● Task prompt:
Output the listing below verbatim, without images.
Start of Input data
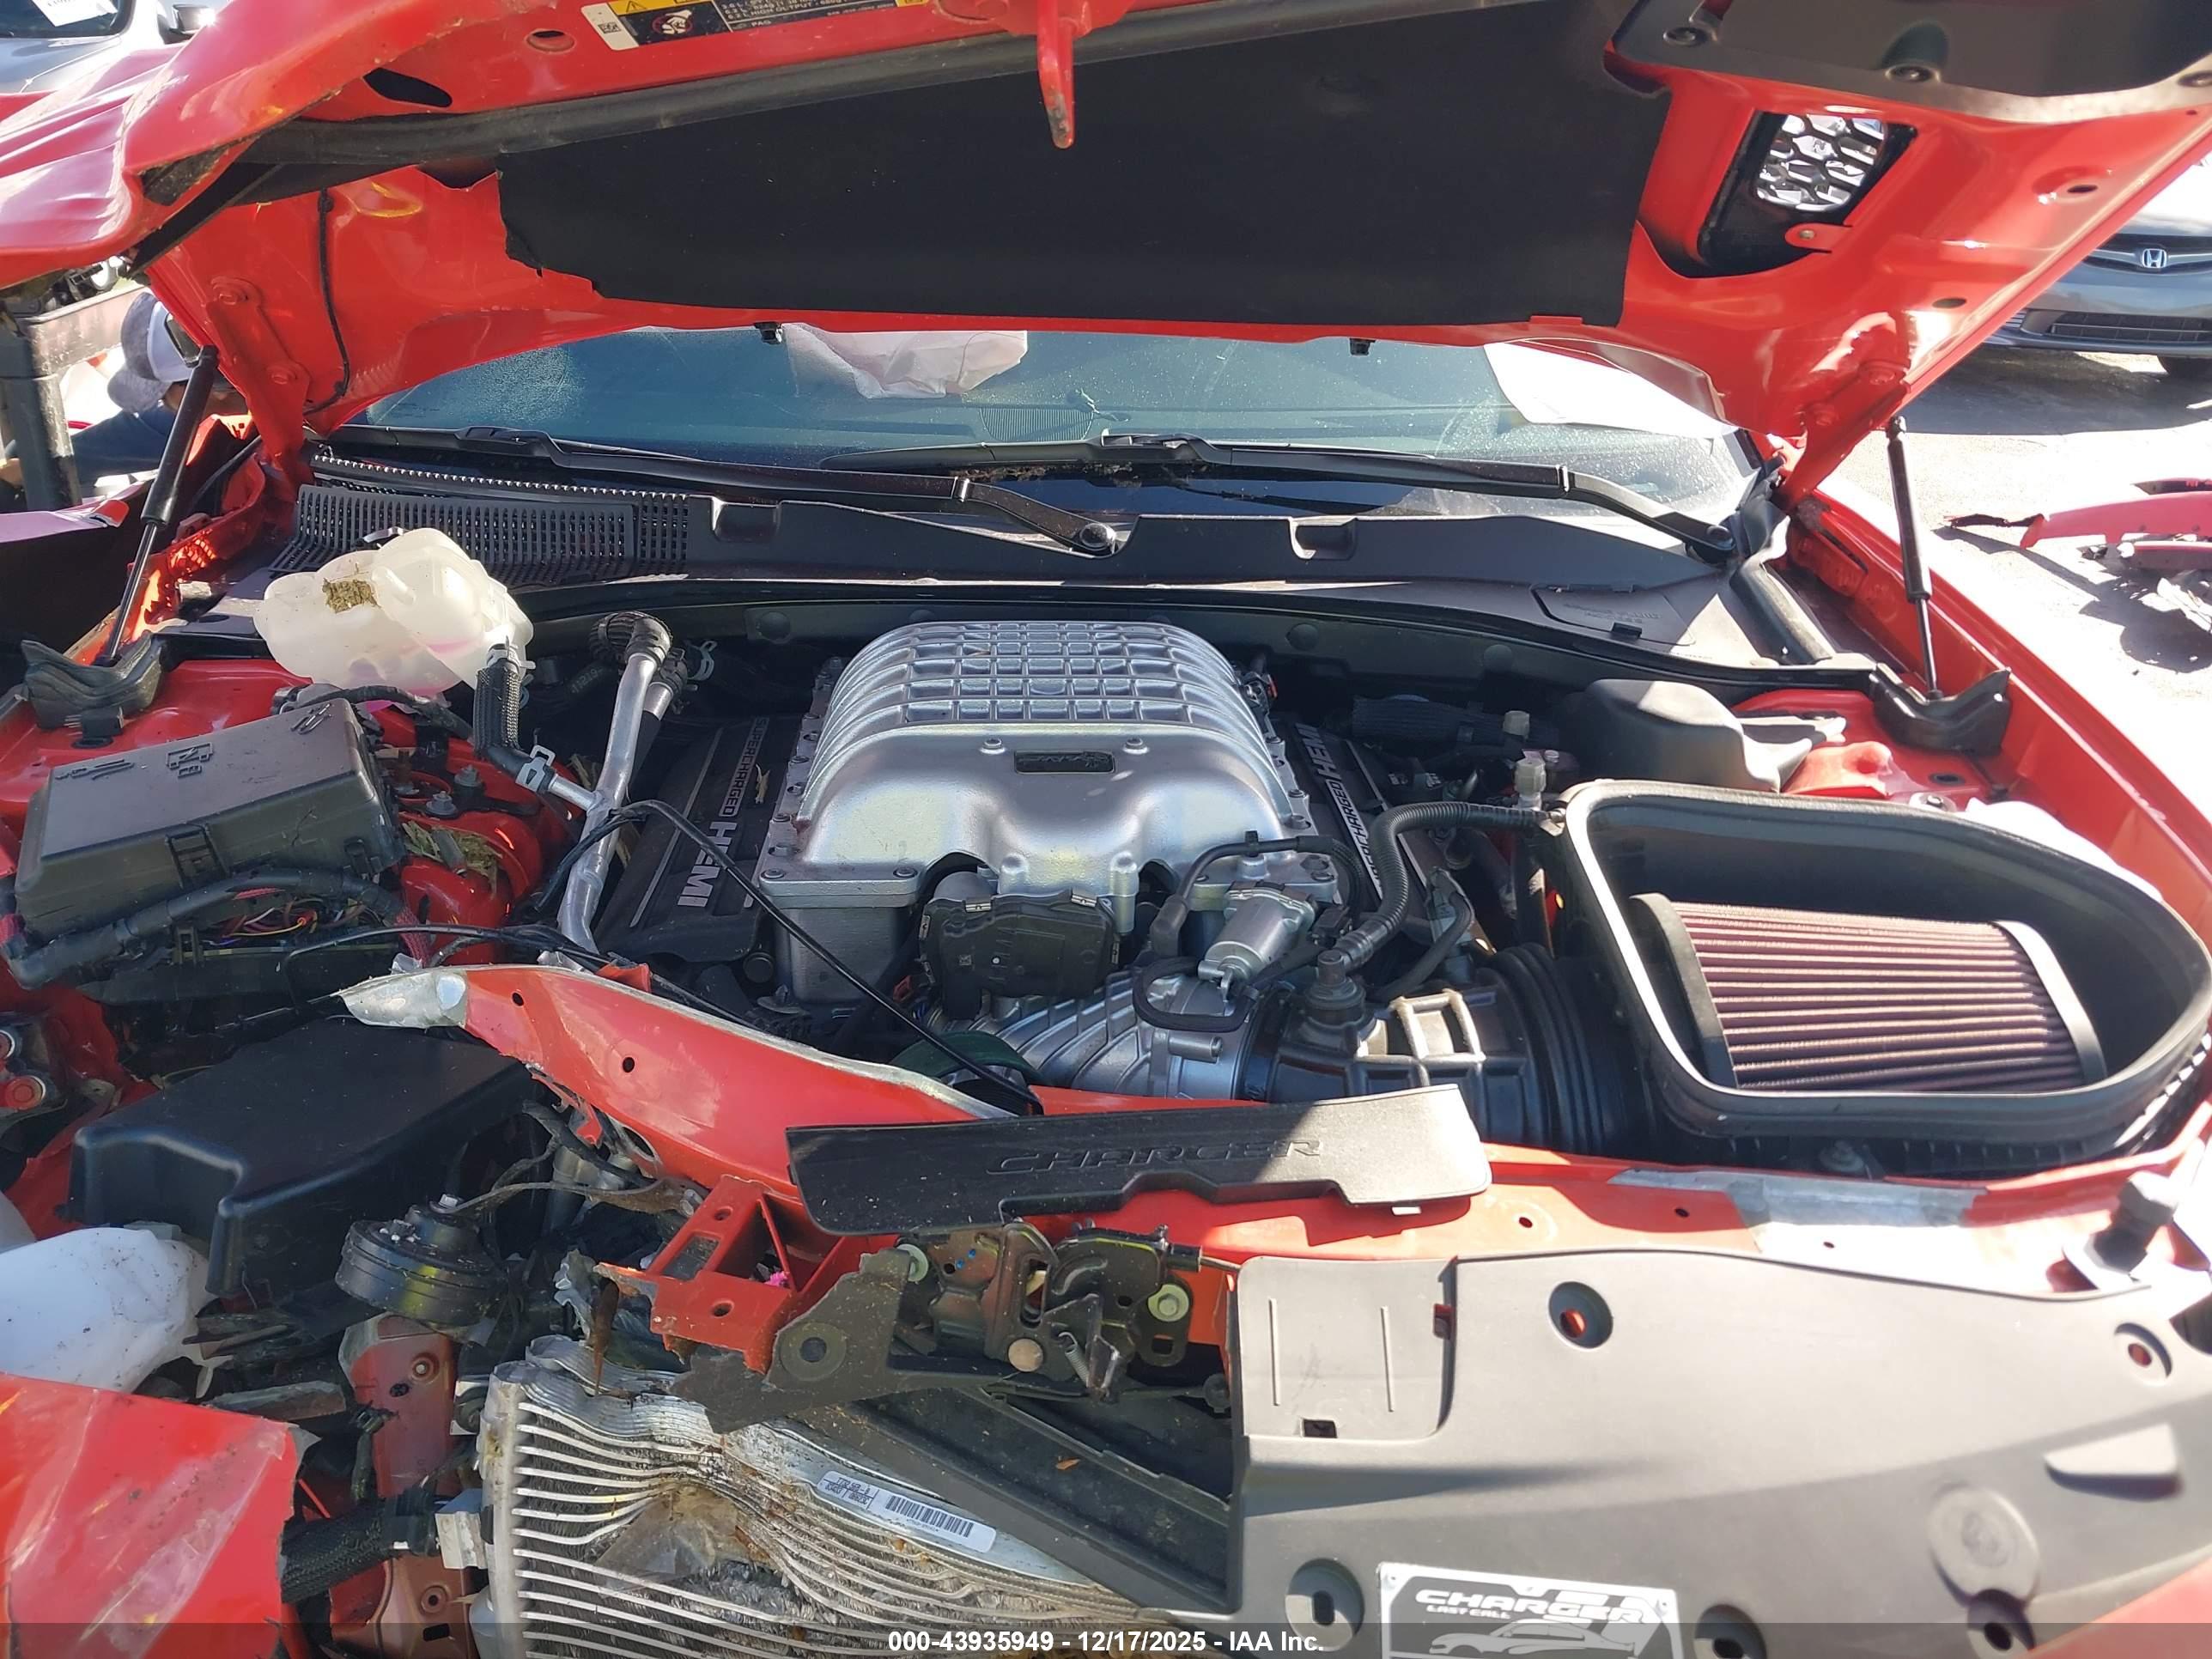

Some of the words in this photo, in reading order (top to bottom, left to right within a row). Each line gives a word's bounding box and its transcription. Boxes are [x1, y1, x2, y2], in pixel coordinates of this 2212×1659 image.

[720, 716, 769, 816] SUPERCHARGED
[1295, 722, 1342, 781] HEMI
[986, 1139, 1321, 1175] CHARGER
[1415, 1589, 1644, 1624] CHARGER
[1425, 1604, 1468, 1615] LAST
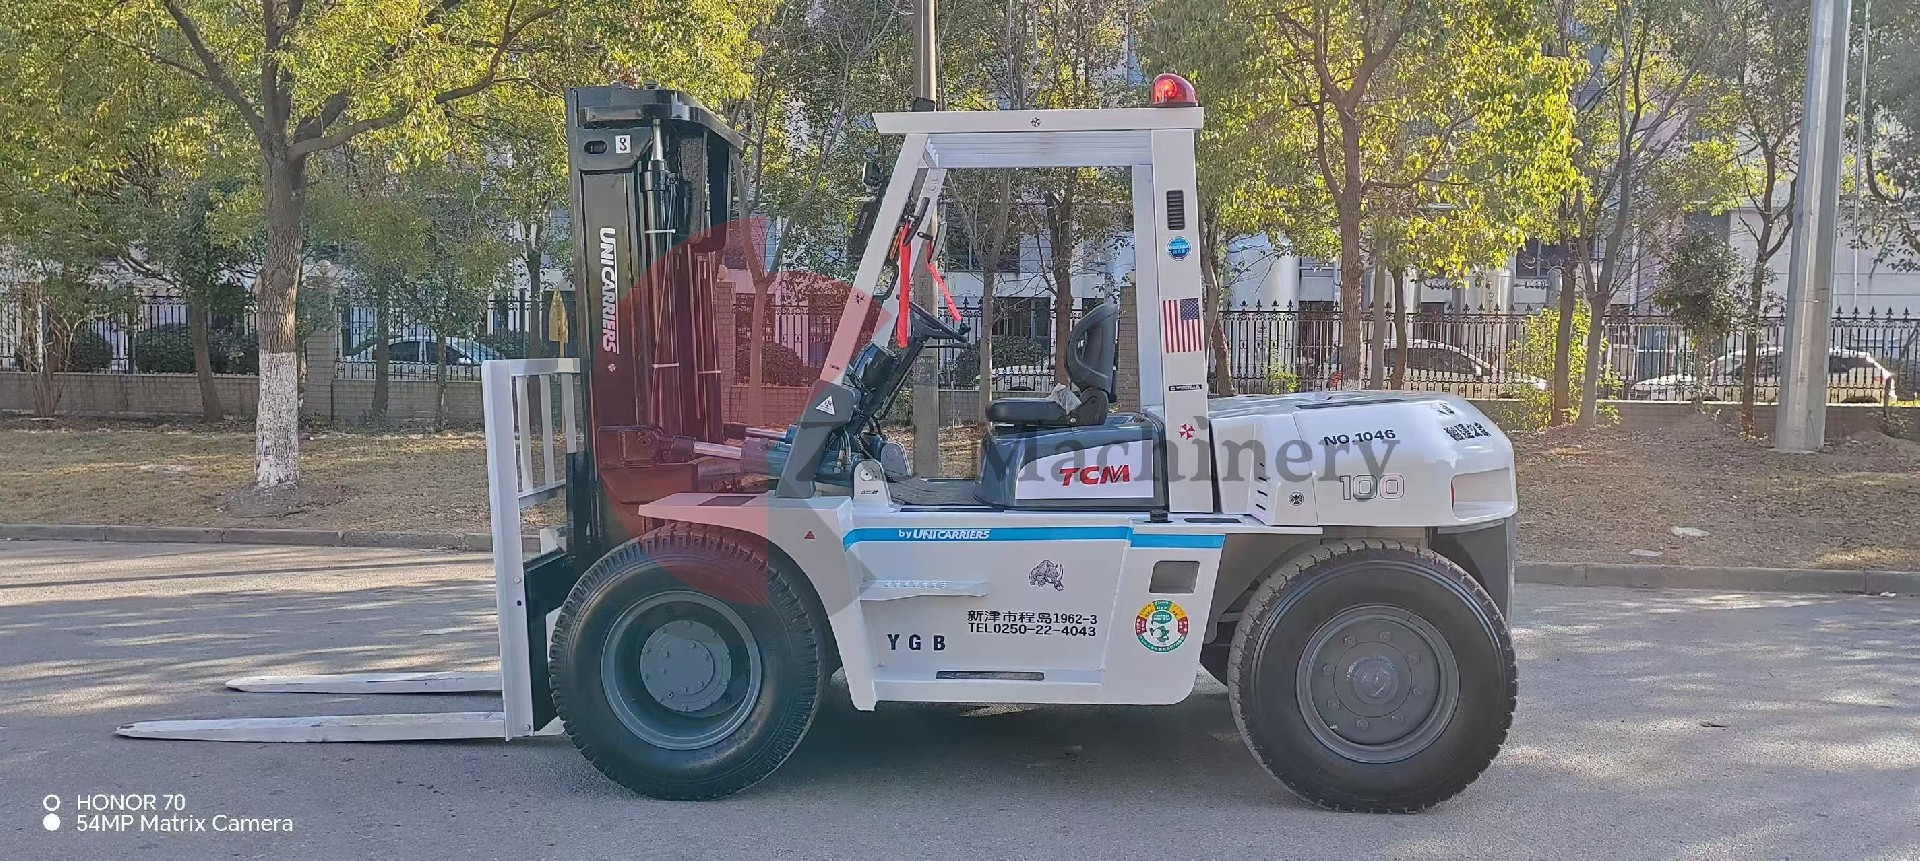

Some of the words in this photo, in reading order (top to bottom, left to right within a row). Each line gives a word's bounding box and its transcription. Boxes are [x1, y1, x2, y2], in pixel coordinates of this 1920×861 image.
End of Input data
● Answer section:
Some of the words in this photo, in reading order (top to bottom, left to right within a row). Each line gives a word's bounding box and its transcription. Boxes are [x1, y1, x2, y2], in pixel coordinates of this 2212×1659 image.

[720, 716, 769, 816] SUPERCHARGED
[1295, 722, 1342, 781] HEMI
[986, 1139, 1321, 1175] CHARGER
[1415, 1589, 1644, 1624] CHARGER
[1425, 1604, 1468, 1615] LAST

Some of the words in this photo, in reading order (top to bottom, left to right within a row). Each line gives a word's bounding box and its transcription. Boxes are [x1, y1, x2, y2], in pixel coordinates of this 1920×861 image.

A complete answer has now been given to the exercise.